In lymphoid follicles, CD4+ T lymphocytes provide contact-dependent stimuli to B cells that are critical for the generation of specific antibody responses in a process termed Th function. The CD4+ T cell-restricted surface activation protein, 5c8 Ag (T-BAM), has recently been shown to be a component of the contact-dependent helper signal to B cells. To further dissect this process, we utilized a Jurkat T cell lymphoma clone, termed D1.1, that constitutively expresses T-BAM and activates peripheral B cells to express surface CD23 in a contact-dependent mechanism that is inhibited by mAb anti-T-BAM (5c8).
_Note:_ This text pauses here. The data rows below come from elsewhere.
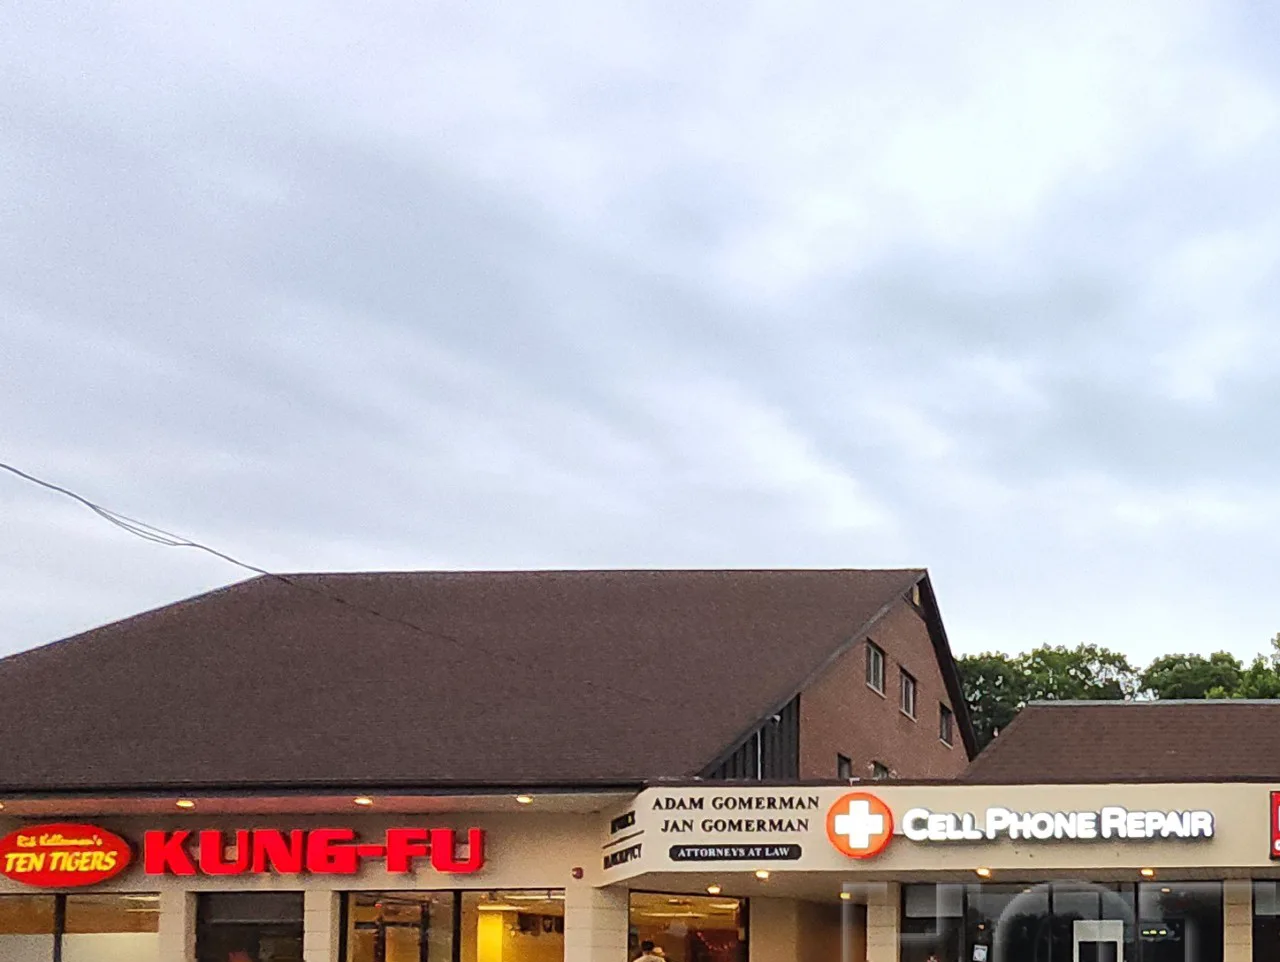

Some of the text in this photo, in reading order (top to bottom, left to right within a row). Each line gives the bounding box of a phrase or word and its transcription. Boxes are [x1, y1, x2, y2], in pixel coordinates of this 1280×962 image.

[652, 796, 819, 810] ADAM GOMERMAN
[660, 818, 809, 833] JAN GOMERMAN
[902, 806, 1214, 841] CELL PHONE REPAIR
[144, 828, 484, 875] KUNG-FU
[677, 847, 790, 859] ATTORNEYS AT LAW
[5, 851, 118, 872] TEN TIGERS
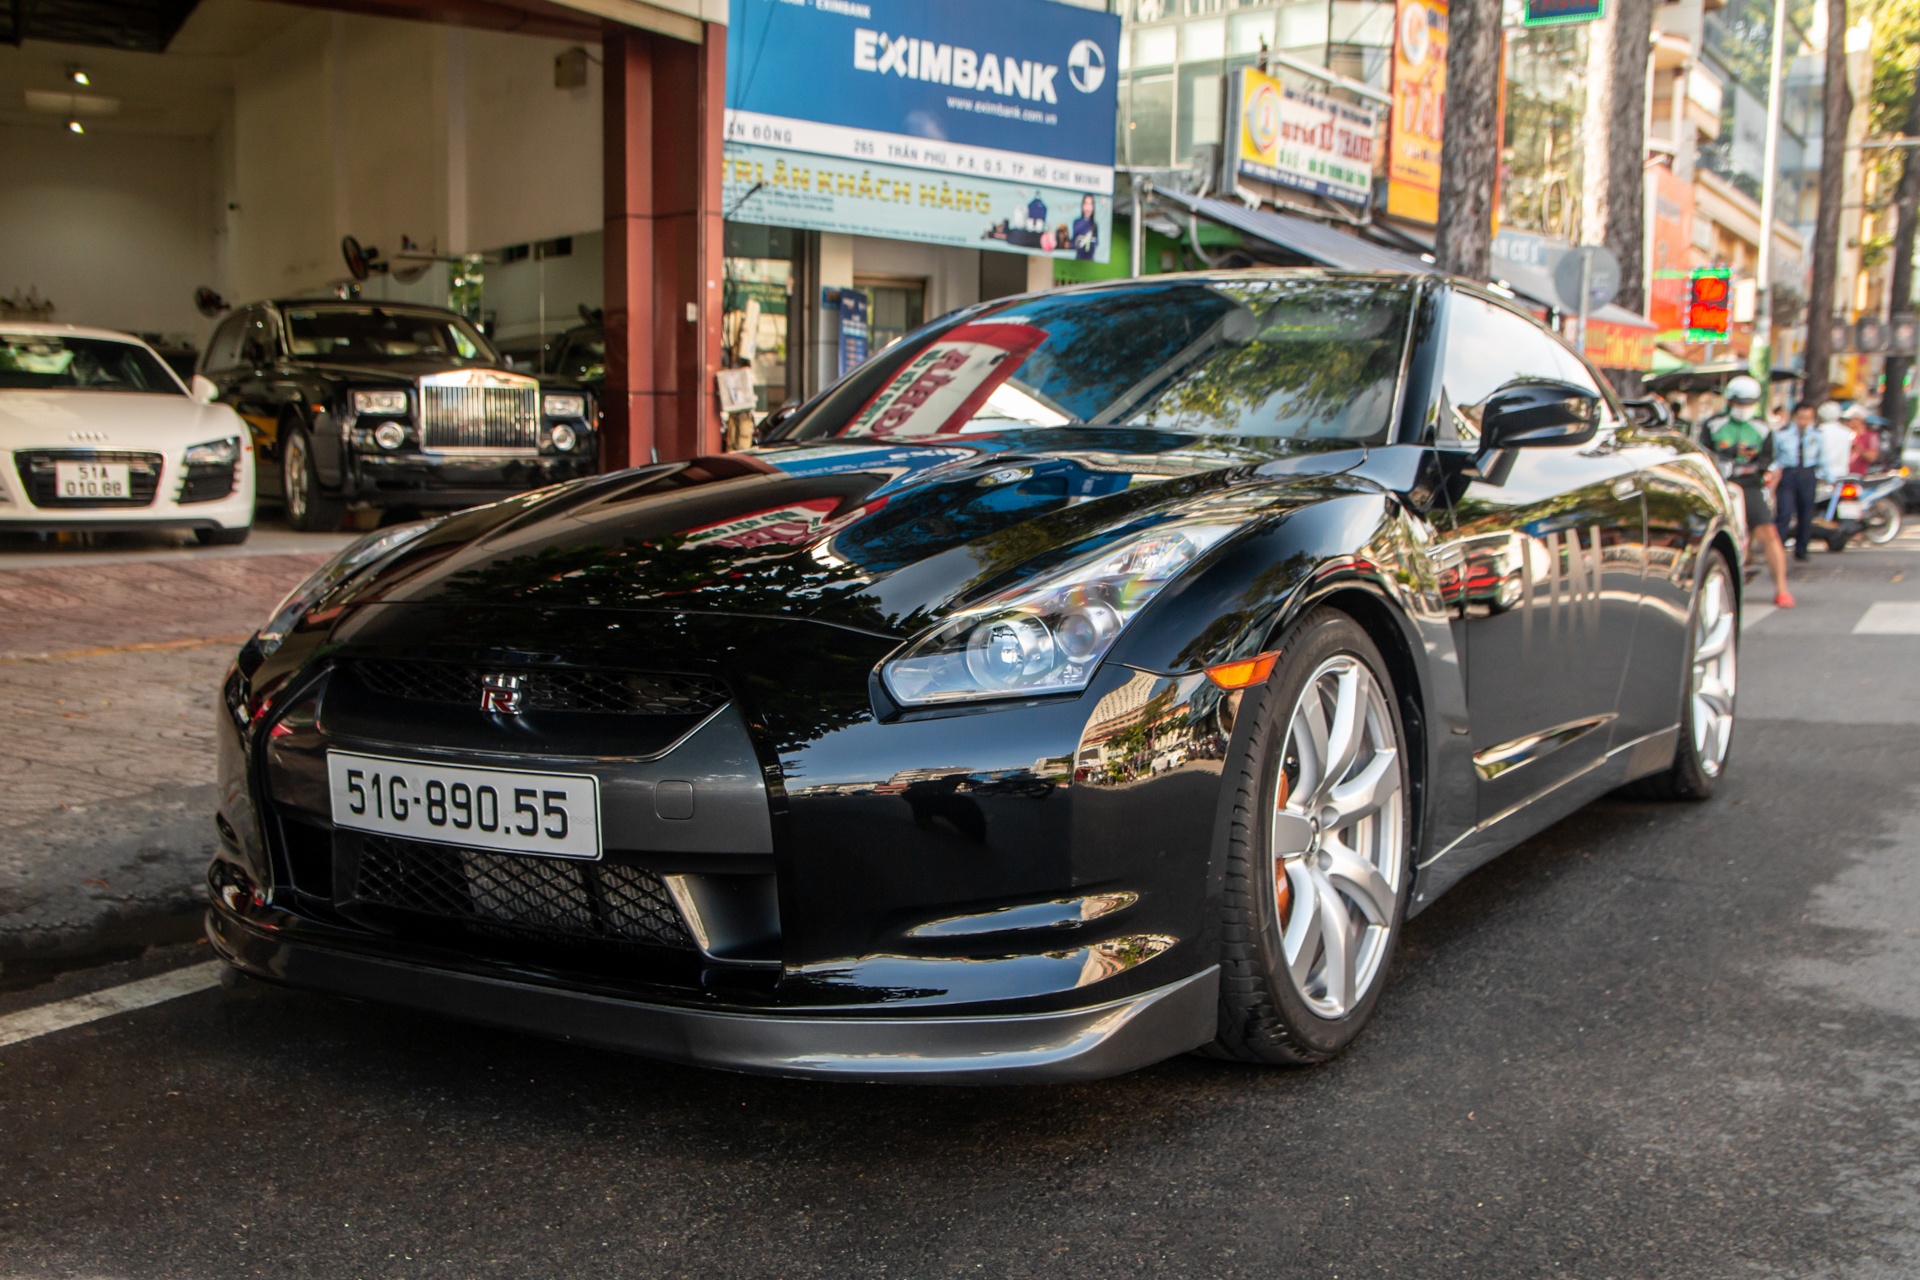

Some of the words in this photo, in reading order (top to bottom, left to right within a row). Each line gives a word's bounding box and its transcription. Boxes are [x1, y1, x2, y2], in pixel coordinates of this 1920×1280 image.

[853, 27, 1059, 104] EXIMBANK
[946, 96, 1058, 126] www.eximbank.com.vn
[772, 159, 810, 192] ÂN
[817, 169, 911, 205] KHÁCH
[919, 180, 991, 214] HÀNG
[346, 768, 570, 840] 51G-890.55
Similar to its effect on peripheral B cells, Jurkat D1.1 activates B cells from lymphoid organs, as well as a B cell lymphoma clone, RAMOS 266,4CN 3F10 (RAMOS 266), to up-regulate surface CD23. Interestingly, mAb to the B cell surface molecule, CD40 (mAb G28-5 and B-B20), inhibit D1.1 induced activation of RAMOS 266 and peripheral and lymphoid B cells. In contrast, mAb to CR2 or the adhesion molecules, LFA1, LFA3, or ICAM-1, have little effect. The inhibitory effect of anti-CD40 mAb on B cell activation induced by D1.1 is specific because anti-CD40 potentiates, rather than inhibits, the up-regulation of CD23 on B cells induced by rIL-4. Moreover, cross-linking CD40 molecules by anti-CD40 mAb bound to Fc gamma RII+ (CD32) L cells induces B cell CD23 expression. In vivo, T-BAM-expressing cells are CD4+ T cells that are restricted to lymphoid organs and are localized in the mantle and centrocytic zones of lymphoid follicles and the spleen periarteriolar lymphoid sheath in association with CD40+ B cells. Taken together, these data demonstrate that T-BAM on T cells and CD40 on B cells are involved in contact-dependent T-B help interactions that occur in lymphoid follicles.